IMPORTANCE Heteroresistance is an underappreciated phenomenon that may be the cause of some unexplained antibiotic treatment failures. Misclassification of heteroresistant isolates as susceptible may lead to inappropriate therapy. Heteroresistance to colistin was more common than conventional resistance and was overwhelmingly misclassified as susceptibility by clinical diagnostic testing. Higher proportions of colistin heteroresistance observed in certain Enterobacter species and clustering among heteroresistant Klebsiella pneumoniae strains may inform colistin treatment recommendations. Overall, the rate of colistin nonsusceptibility was more than double the level detected by clinical diagnostics, suggesting that the prevalence of colistin nonsusceptibility among CRE may be higher than currently appreciated in the United States.


Increasing antibiotic resistance has been recognized as a major health threat by the Centers for Disease Control and Prevention (CDC) and World Health Organization, resulting in at least 35,000 deaths and 2.8 million infections annually in the United States (1). To combat infections due to highly resistant bacteria, such as carbapenem-resistant Enterobacterales (CRE), that have up to a 40% mortality rate (2), clinicians are increasingly turning to drugs of last resort, including the polymyxin antibiotic colistin (polymyxin E) (3). However, resistance even to last-line drugs is increasing (46). Further complicating efforts to combat multidrug-resistant bacteria are instances of treatment failure of strains classified as susceptible to a given antibiotic. Heteroresistance is a form of resistance in which a strain harbors both an antibiotic-resistant subpopulation and a majority population of susceptible cells. We recently demonstrated that colistin heteroresistance can lead to colistin treatment failure in an in vivo mouse model of infection with multiple Enterobacter and Klebsiella clinical isolates (7, 8). Furthermore, colistin heteroresistance may not be detected by traditional clinical testing methods. Failure to identify heteroresistance in the clinical laboratory may lead to treatment failures in serious CRE infections. We performed a retrospective study among multidrug-resistant CRE isolates collected between 2012 and 2015 to determine the frequency of colistin heteroresistance within this collection.
Four hundred eight CRE isolates included in this project were collected as part of the U.S. CDC Emerging Infections Program’s Multisite Gram-Negative Surveillance Initiative (MuGSI) (9, 10), an ongoing, active, population- and laboratory-based surveillance system for CRE isolated from urine and sterile sites, such as blood. Isolates were collected from clinical laboratories in metropolitan areas in eight U.S. states and adhered to a strict definition of CRE based on susceptibility testing and species identification (9). All isolates that fit this definition within the surveillance area during the study years of 2012 to 2015 were included in this study. All isolates are summarized in Table S1 in the supplemental material and belonged to 3 genera: Klebsiella, Enterobacter, and Escherichia (Fig. 1a). They originated from various culture sources (Table S1) and displayed resistance to last-line antibiotics, such as aminoglycosides and tigecycline (Table S2).

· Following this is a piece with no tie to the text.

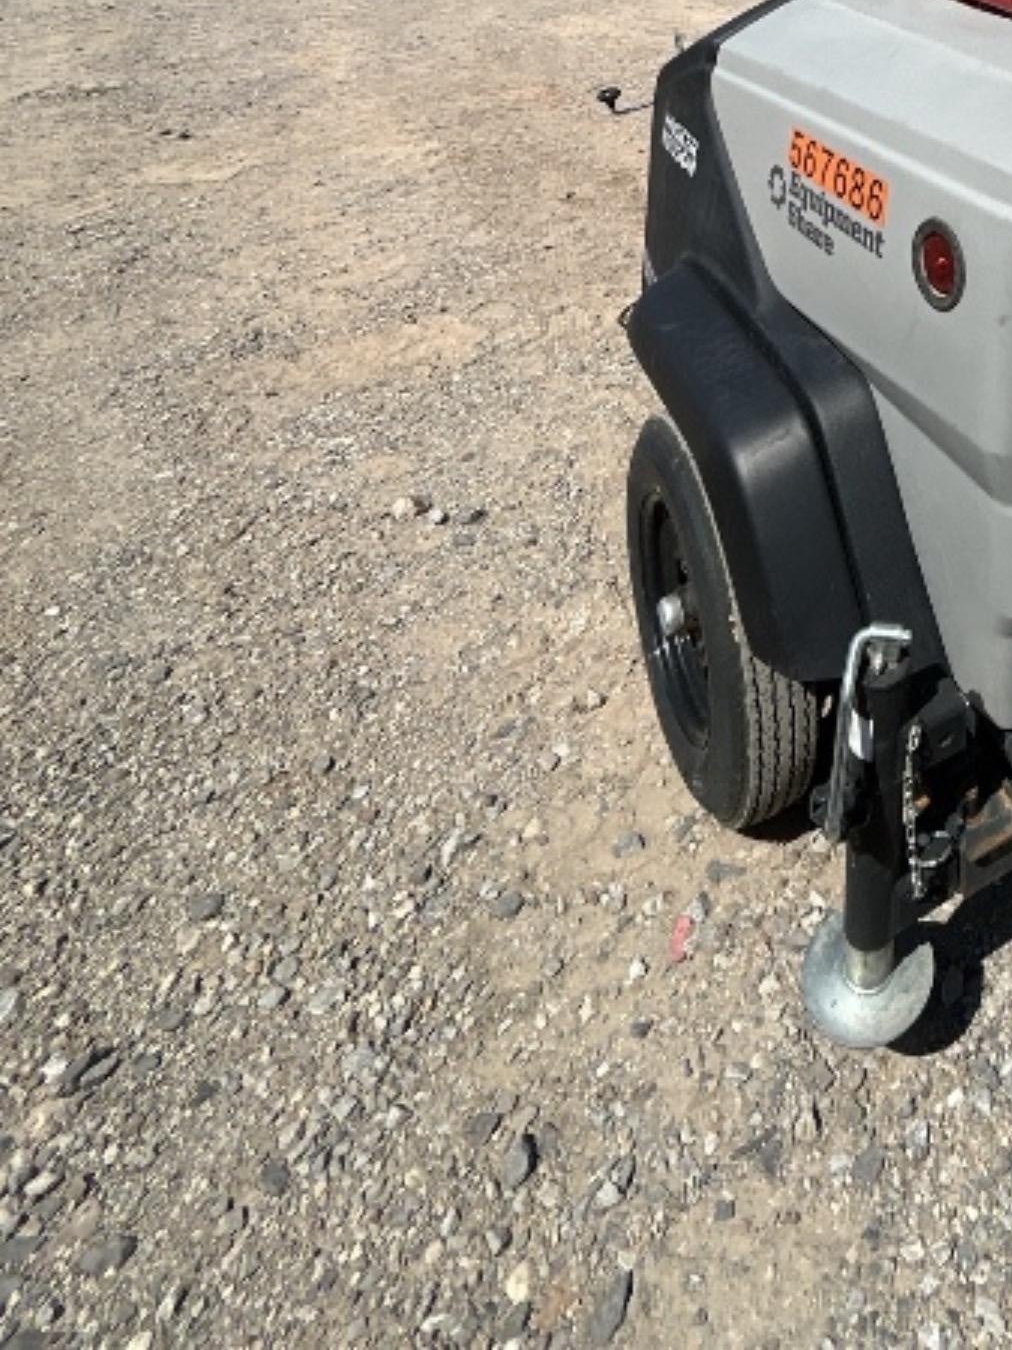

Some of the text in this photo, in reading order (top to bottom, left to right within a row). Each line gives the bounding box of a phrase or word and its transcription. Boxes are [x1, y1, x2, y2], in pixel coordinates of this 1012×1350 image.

[789, 131, 883, 221] 567686
[789, 171, 885, 258] Equipment
[788, 200, 834, 256] Share

FIG 1 Rate of colistin heteroresistance by genus, year, and clinical detection. (A) Table of colistin heteroresistance incidence by the indicated genus, species, and P value for the odds ratio in each category. (B) Incidence of total colistin-heteroresistant isolates as a percentage in each year from 2012 to 2015. *, P < 0.05 for the positive linear trend from 2012 to 2015 (Cochran-Armitage trend test). (C) Proportion of isolates designated colistin susceptible (green) or colistin resistant (red) by standard clinical susceptibility testing. The portion with hatched lines indicates isolates that were heteroresistant by population analysis profile. The right margin represents the clinical designations of all colistin-heteroresistant isolates.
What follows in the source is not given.